Bir dosya nasıl bölünür ve doğrudan sıkıştırılır?


13

100 GB'lık bir dosyam var ve her biri 1 GB'lık 100 dosyaya bölmek istiyorum (satır sonu ile)

Örneğin

split --bytes=1024M /path/to/input /path/to/output

Oluşturulan 100 dosya için, bu dosyaların her birine gzip / zip uygulamak istiyorum.

Tek bir komut kullanmak mümkün müdür?


2
Dosya başına 1 GB'a kadar (bir sonraki satır bunu geçerse daha az) kullanın --line-bytes=1024M.
Brian

Yanıtlar:


31

"--Filter" kullanın:

split --bytes=1024M --filter='gzip > $FILE.gz' /path/to/input /path/to/output


bu benim için twork değil, $ FILE tanımlanmamış olarak aynı dosyanın üzerine yazmaya devam eder ve hatta des klasörüne yazmaz.
splaisan

benim hatam, $ FILE yerine almak için tek tırnak ihtiyacı, benim büyük hata, özür ve yardım için teşekkürler: bu son komut benim için 4 satır blok halinde gelen fastq verileri kaydetmek için çalıştı: 'zcat ERR3152365.fastq.gz | split -a 3 -d -l 1200000 - sayısal-sonekler --filter = 'pigz -p 8> $ FILE.fq.gz' - splitout / part_ '
splaisan 16:19

0

Koşullu kullanan bir astar, gelebildiğiniz kadar yakındır.

cd /path/to/output && split --bytes=1024M /path/to/input/filename && gzip x*

gzipyalnızca çalışacak splitçünkü koşullu başarılı &&arasında da öyle cdve splityapım emin cdolduğunu başarılı, çok .. Not olduğunu splitve gzipçıkış yerine çıkış dizin yeteneğine sahip mevcut dizine. Gerekirse dizini oluşturabilirsiniz:

mkdir -p /path/to/output && cd /path/to/output && split --bytes=1024M /path/to/input/filename && gzip x*

Hepsini bir araya getirmek için:

gunzip /path/to/files/x* && cat /path/to/files/x* > /path/to/dest/filename

0

Bu komutu -dseçeneğiyle kullanmak sayısal düzeltmeler oluşturmanıza olanak tanır.

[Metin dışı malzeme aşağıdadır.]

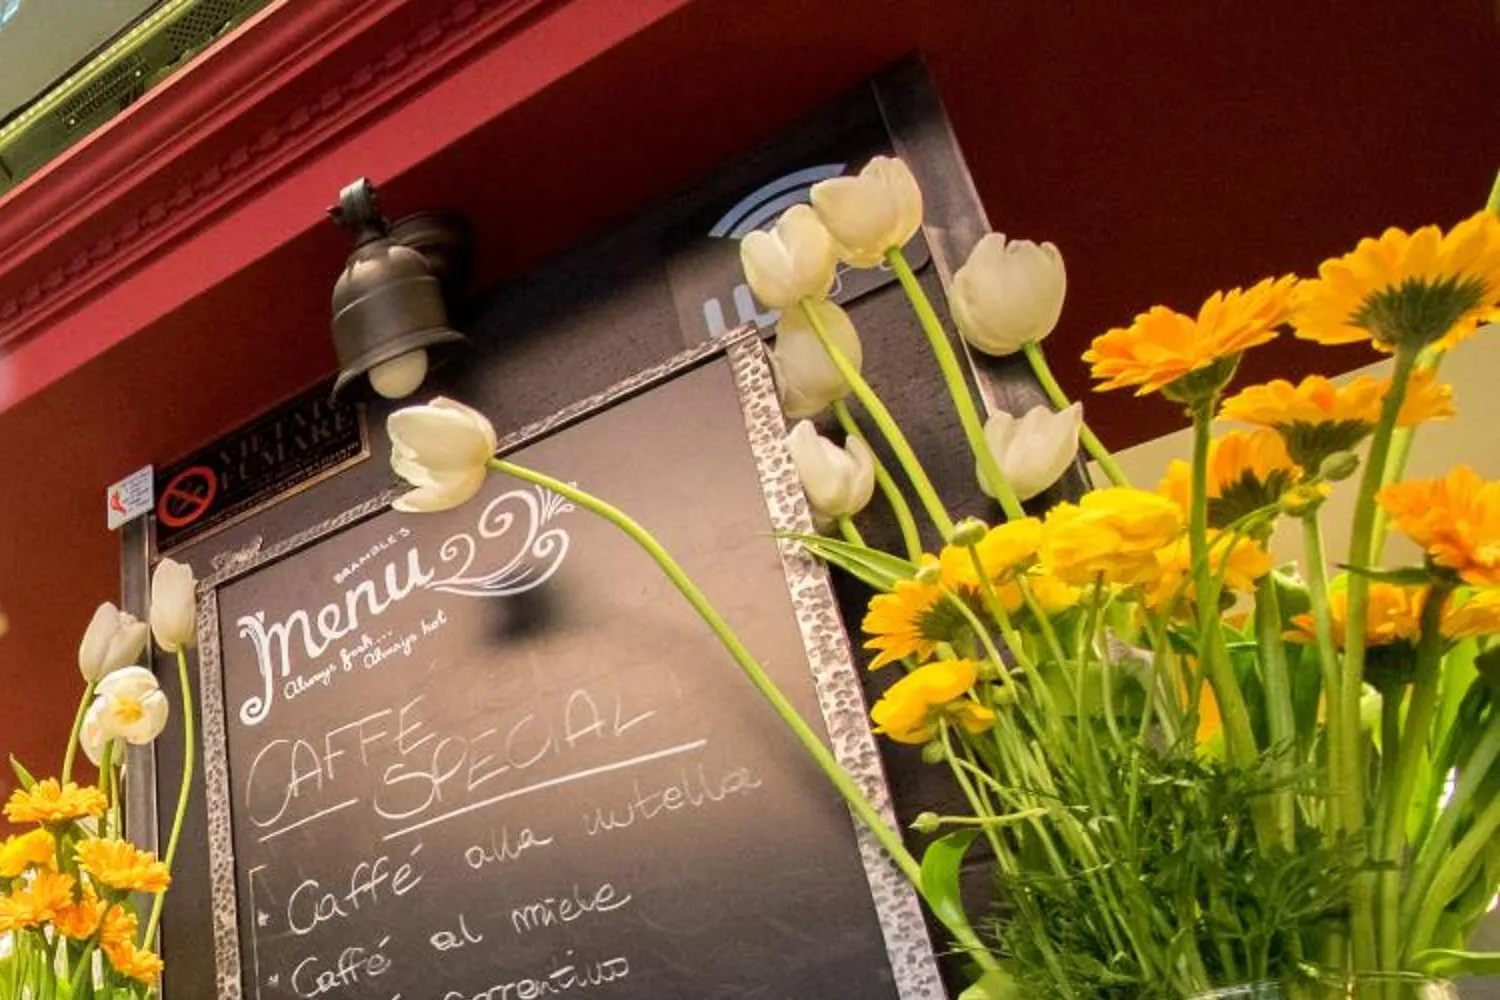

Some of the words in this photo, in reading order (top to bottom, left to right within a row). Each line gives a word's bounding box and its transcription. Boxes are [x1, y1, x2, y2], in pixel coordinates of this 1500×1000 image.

split -d -b 2048m "myDump.dmp" "myDump.dmp.part-" && gzip myDump.dmp.part*

Oluşturulan dosyalar:

    myDump.dmp.part-00
    myDump.dmp.part-01
    myDump.dmp.part-02
    ...

0

Pigz ile anında sıkıştırmak için bir bash işlevi

function splitreads(){

# add this function to your .bashrc or alike
# split large compressed read files into chunks of fixed size
# suffix is a three digit counter starting with 000
# take compressed input and compress output with pigz
# keeps the read-in-pair suffix in outputs
# requires pigz installed or modification to use gzip

usage="# splitreads <reads.fastq.gz> <reads per chunk; default 10000000>\n";
    if [ $# -lt 1 ]; then
        echo;
        echo ${usage};
        return;
    fi;

# threads for pigz (adapt to your needs)
thr=8

input=$1

# extract prefix and read number in pair
# this code is adapted to paired reads
base=$(basename ${input%.f*.gz})
pref=$(basename ${input%_?.f*.gz})
readn="${base#"${base%%_*}"}"

# 10M reads (4 lines each)
binsize=$((${2:-10000000}*4))

# split in bins of ${binsize}
echo "# splitting ${input} in chuncks of $((${binsize}/4)) reads"

cmd="zcat ${input} \
  | split \
    -a 3 \
    -d \
    -l ${binsize} \
    --numeric-suffixes \
    --additional-suffix ${readn} \
    --filter='pigz -p ${thr} > \$FILE.fq.gz' \
    - ${pref}_"

echo "# ${cmd}"
eval ${cmd}
}
Sitemizi kullandığınızda şunları okuyup anladığınızı kabul etmiş olursunuz: Çerez Politikası ve Gizlilik Politikası.
Licensed under cc by-sa 3.0 with attribution required.